Optimize Processes for Large Spaces with the Multi-Camera Tracking Workflow

Decorative image of workflows in a line.

This post is the first in a series on building multi-camera tracking vision AI applications. In this part, we introduce the overall end-to-end workflow, focusing on building and deploying the multi-camera tracking system. The second part will cover fine-tuning AI models with synthetic data to enhance system accuracy.

Large areas like warehouses, factories, stadiums, and airports are typically monitored by hundreds of cameras to improve safety and optimize operations. Tracking objects and measuring activity accurately across these cameras is called multi-camera tracking, and it lets you effectively monitor and manage your spaces. 

For example, retail stores can use multi-camera tracking to understand how customers navigate through the aisles and improve store layout for a better shopping experience. Warehouses can monitor the movement of equipment, material, and people to improve safety, increase delivery speed, and reduce costs. Airports can track the flow of people to enhance security and travel experience. 

However, implementing multi-camera tracking systems can be challenging. 

First, matching subjects across multiple camera feeds from different angles and views requires advanced algorithms and AI models that can take months to train accurately. In particular, ground-truth training datasets are scarce because labeling requires a single person or up to only a small group to review all the streams from numerous cameras for consistent identification and tracking, which delays AI model training. 

Second, multi-camera tracking in real-time necessitates building specialized modules for live data streaming, multi-stream fusion, behavior analytics, and anomaly detection to deliver subsecond latency and high throughput. 

Third, scaling to larger spaces like factories or airports necessitates distributed computing and a cloud-native architecture that can handle thousands of cameras and subjects. 

That’s why we’re announcing the new multi-camera tracking reference workflow to speed the development of the next wave of vision AI that measures and helps manage infrastructure and operations over large spaces.

NVIDIA multi-camera tracking

NVIDIA multi-camera tracking is a customizable workflow that gives you a solid starting point to get your development in gear without having to begin from scratch, eliminating months of development time. 

The workflow also provides a validated path to production. It includes state-of-the-art AI models pretrained on real and synthetic datasets that you can customize for your use case. It comes already packed with real-time video streaming modules.

  • Foundation layer: Production-ready capabilities that fuse multi-camera feeds to create global IDs for objects, along with their global and local coordinates. 
  • Analytics layer: Unique object counts and local trajectories. 
  • Visualization and UI: Sample heatmaps, histograms, and pathing that you can further build upon. 

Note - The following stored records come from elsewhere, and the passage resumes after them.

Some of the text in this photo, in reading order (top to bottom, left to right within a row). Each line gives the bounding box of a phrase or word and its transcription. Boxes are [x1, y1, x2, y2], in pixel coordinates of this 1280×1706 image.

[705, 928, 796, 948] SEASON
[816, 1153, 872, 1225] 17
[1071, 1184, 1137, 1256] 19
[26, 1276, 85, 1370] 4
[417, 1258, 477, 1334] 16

With these components of the workflow, you can code your business logic and build end-to-end vision AI applications to optimize and manage your spaces.

There is no extra cost, just infrastructure and tool licenses. Plus, you get expert support and the latest product updates for multi-camera tracking workflows with NVIDIA AI Enterprise. 

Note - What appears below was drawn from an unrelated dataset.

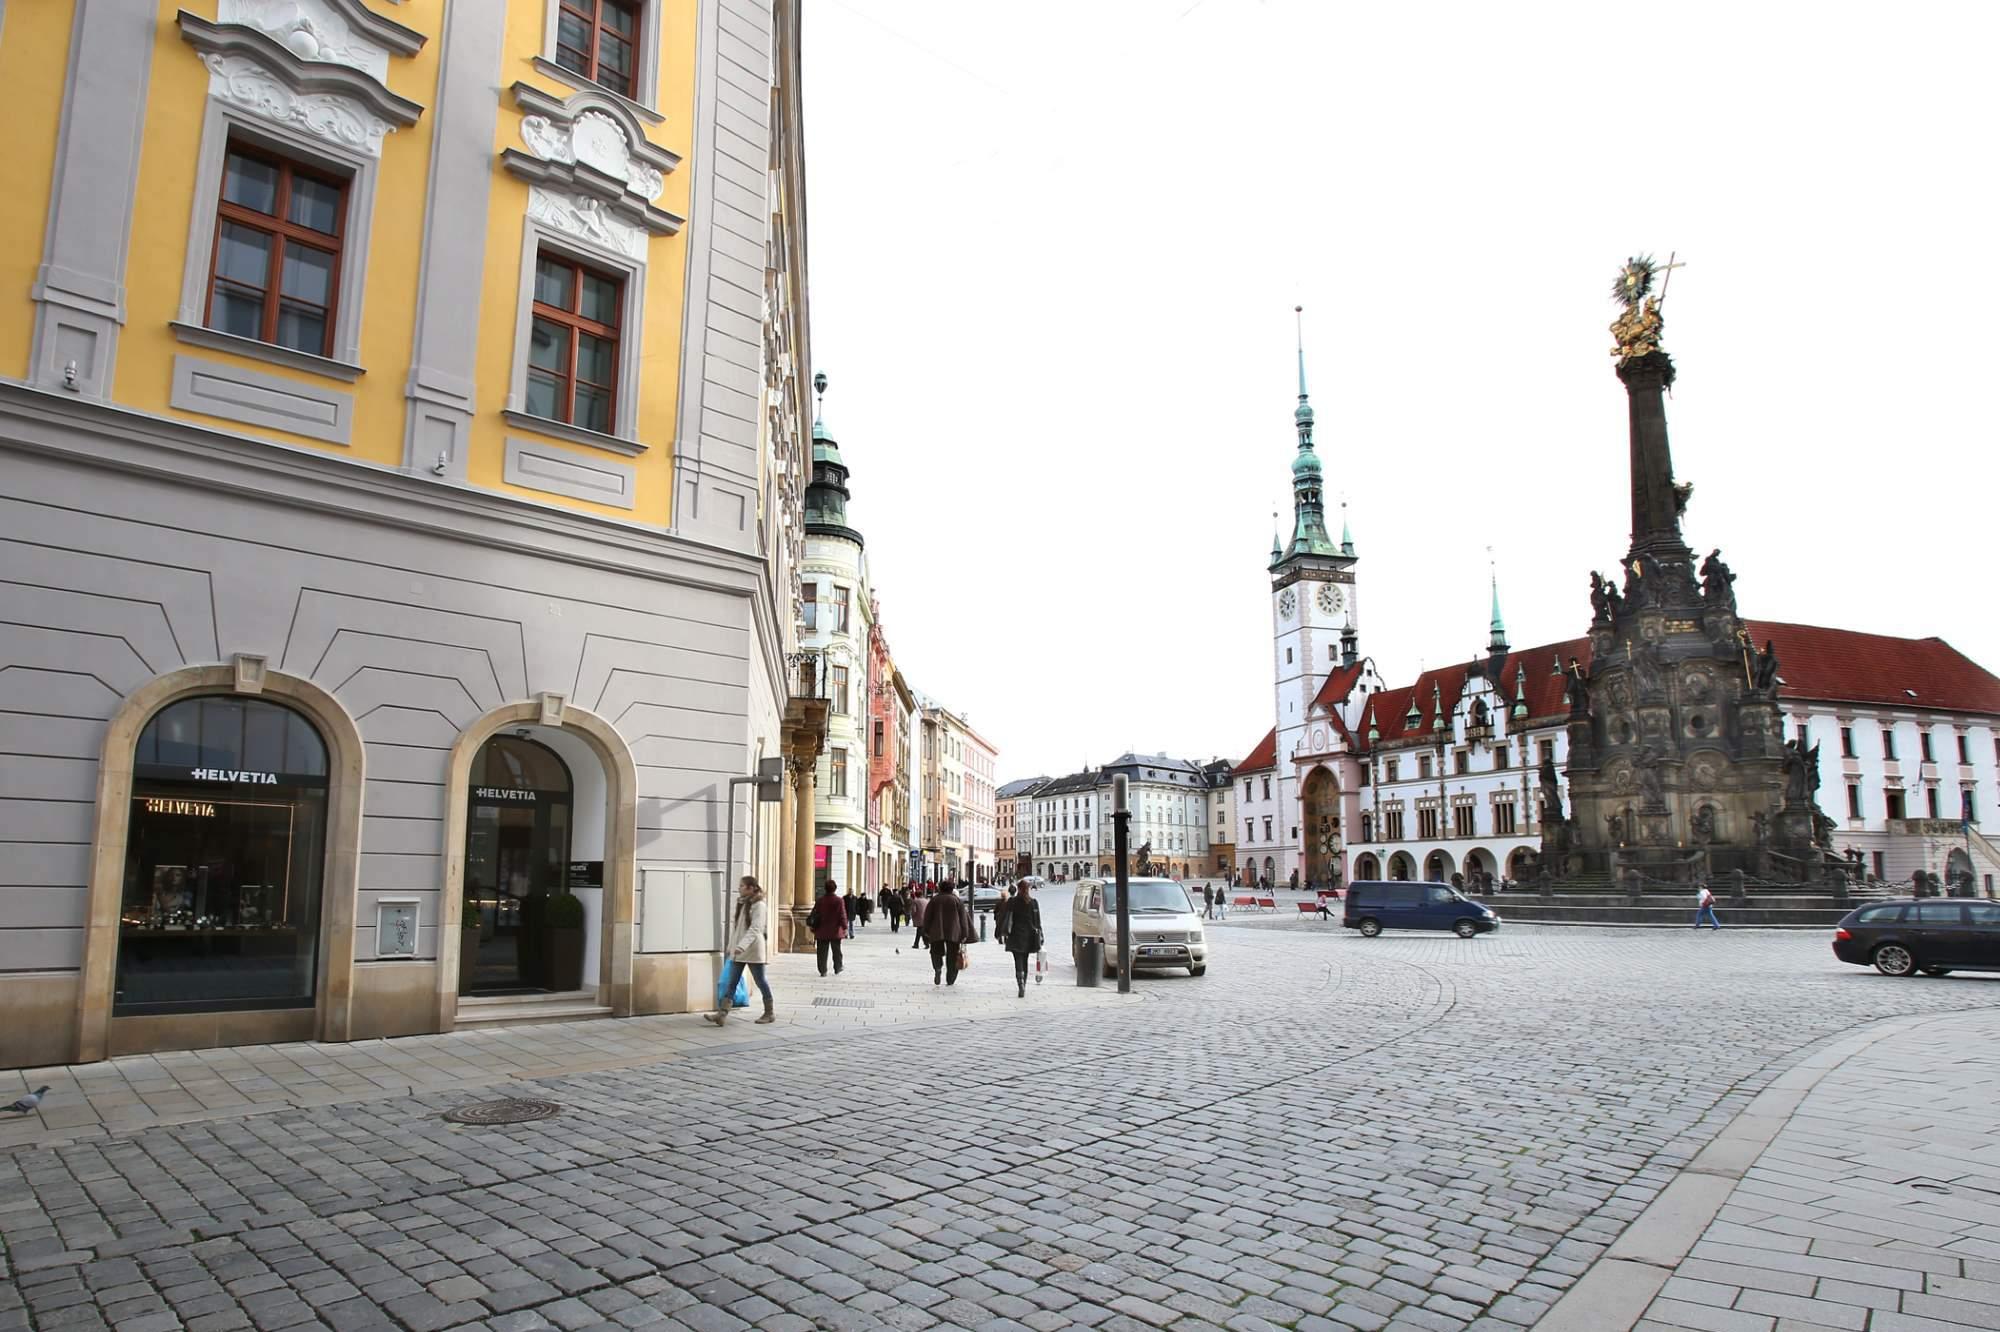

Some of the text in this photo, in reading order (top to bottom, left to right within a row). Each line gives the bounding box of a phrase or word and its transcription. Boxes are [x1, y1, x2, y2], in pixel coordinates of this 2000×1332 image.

[191, 768, 278, 785] HELVETIA
[476, 788, 536, 801] HELVETIA
[146, 798, 215, 817] HELVETIA

Getting started with the multi-camera tracking workflow

To get started, see the developer guide for multi-camera tracking and learn how to deploy the reference workflow on your local development or in the cloud.

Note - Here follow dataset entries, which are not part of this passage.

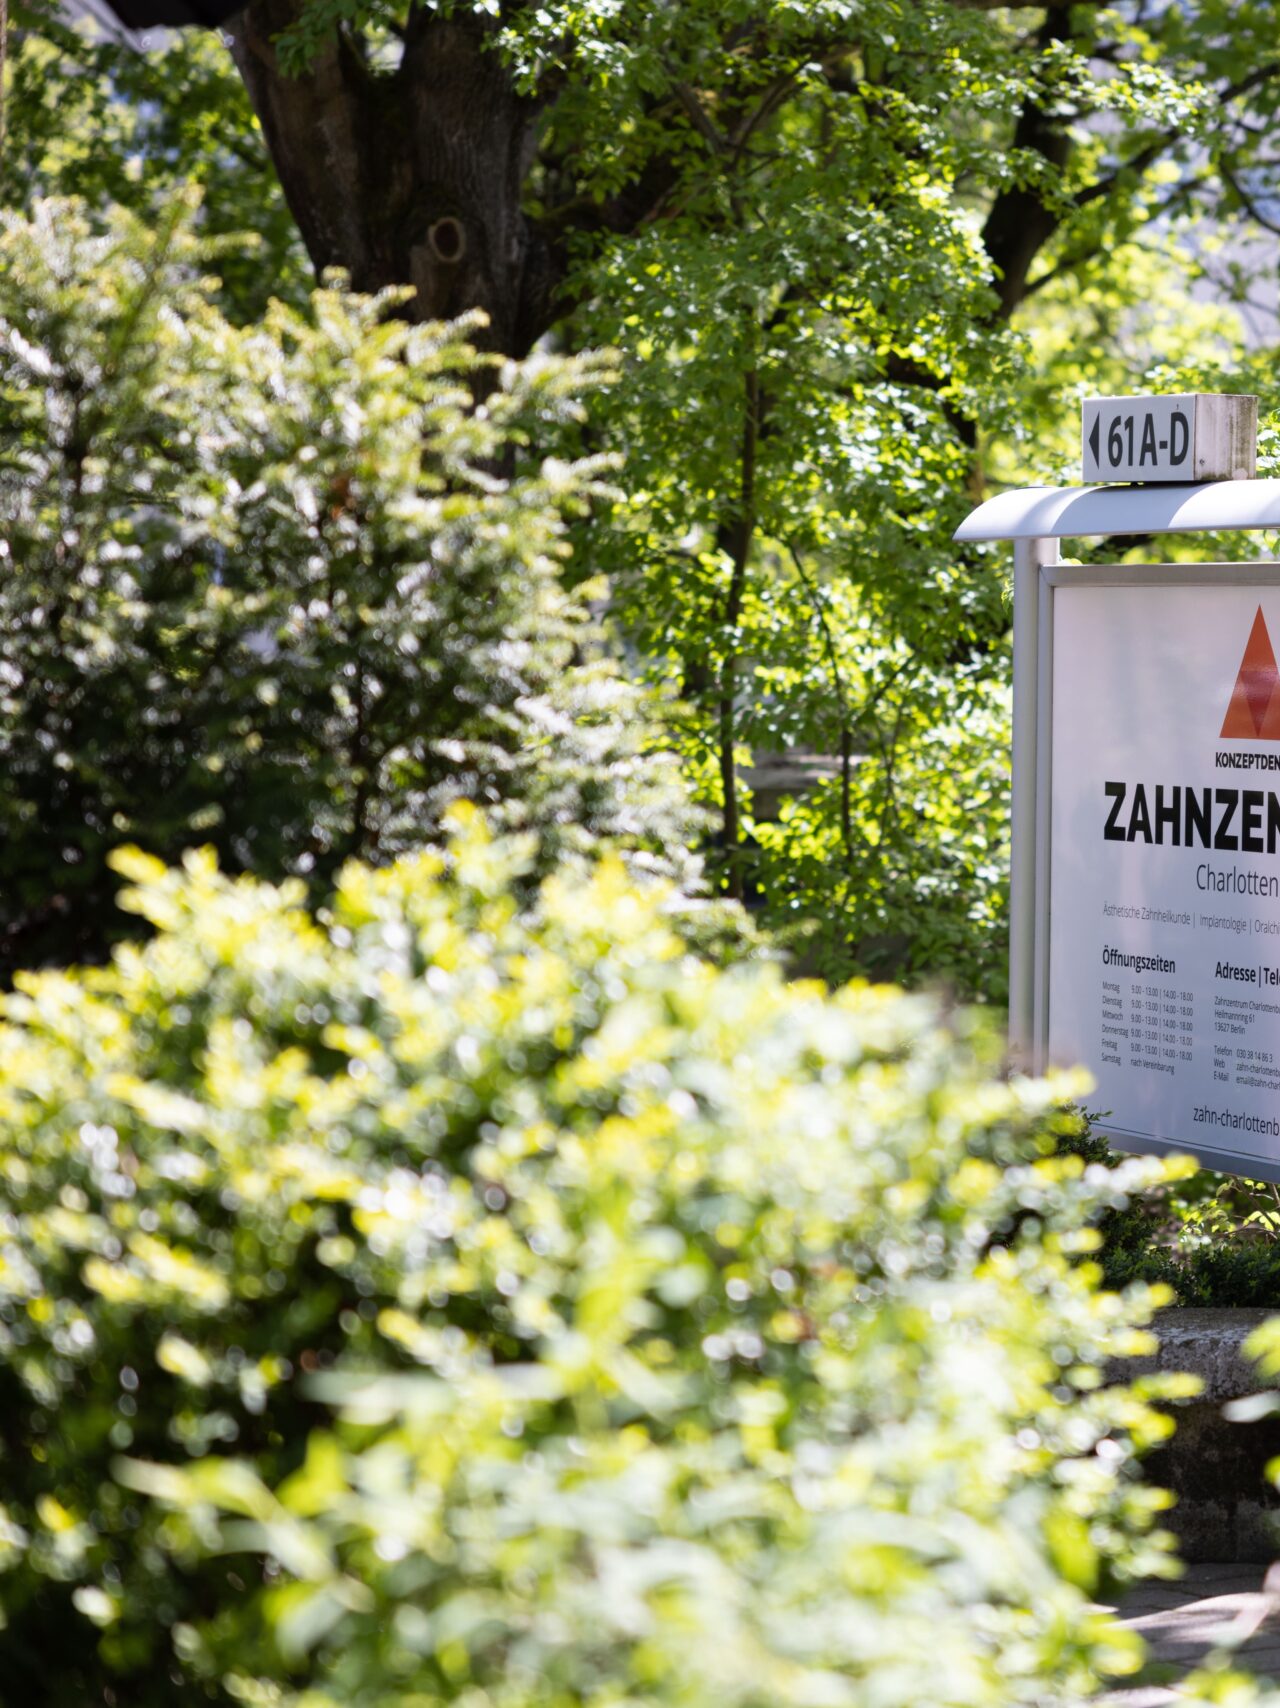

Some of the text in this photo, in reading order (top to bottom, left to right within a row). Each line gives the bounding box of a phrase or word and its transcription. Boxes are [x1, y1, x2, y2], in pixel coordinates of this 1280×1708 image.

[1103, 901, 1140, 919] Ästhetische
[1142, 908, 1191, 925] Zahnheilkunde
[1200, 914, 1247, 934] Implantologie
[1103, 945, 1175, 973] Öffnungszeiten
[1215, 962, 1256, 982] Adresse
[1231, 1024, 1245, 1034] Berlin
[1214, 1045, 1232, 1056] Telefon

In the following sections, we walk you through the application architecture of the workflow and the step-by-step process for developing, configuring, and deploying it. 

End-to-end workflow for multi-camera tracking

Diagram shows the workflows and apps for simulation and synthetic data generation and multi-camera tracking, plus storage and TAO service for images.
Figure 1. Multi-camera tracking in the Sim2Deploy workflow

The multi-camera tracking reference workflow (Figure 1) takes live or recorded streams from the Media Management microservice and outputs the behavior and global IDs of the objects in the multi-camera view. The behavior can be defined as the location, direction, speed, or trajectory of the object at any given time. 

The object metadata, such as bounding boxes, tracking IDs,  and behavior data with timestamps, is stored in an Elasticsearch index. The behavior data is also sorted and stored in a Milvus vector database. A Web UI microservice runs at the end of the workflow, enabling you to visualize the behaviors and click on any object to find where it was at any moment (timestamp).  The data from ELK or Milvus is fetched through the Web API microservice. 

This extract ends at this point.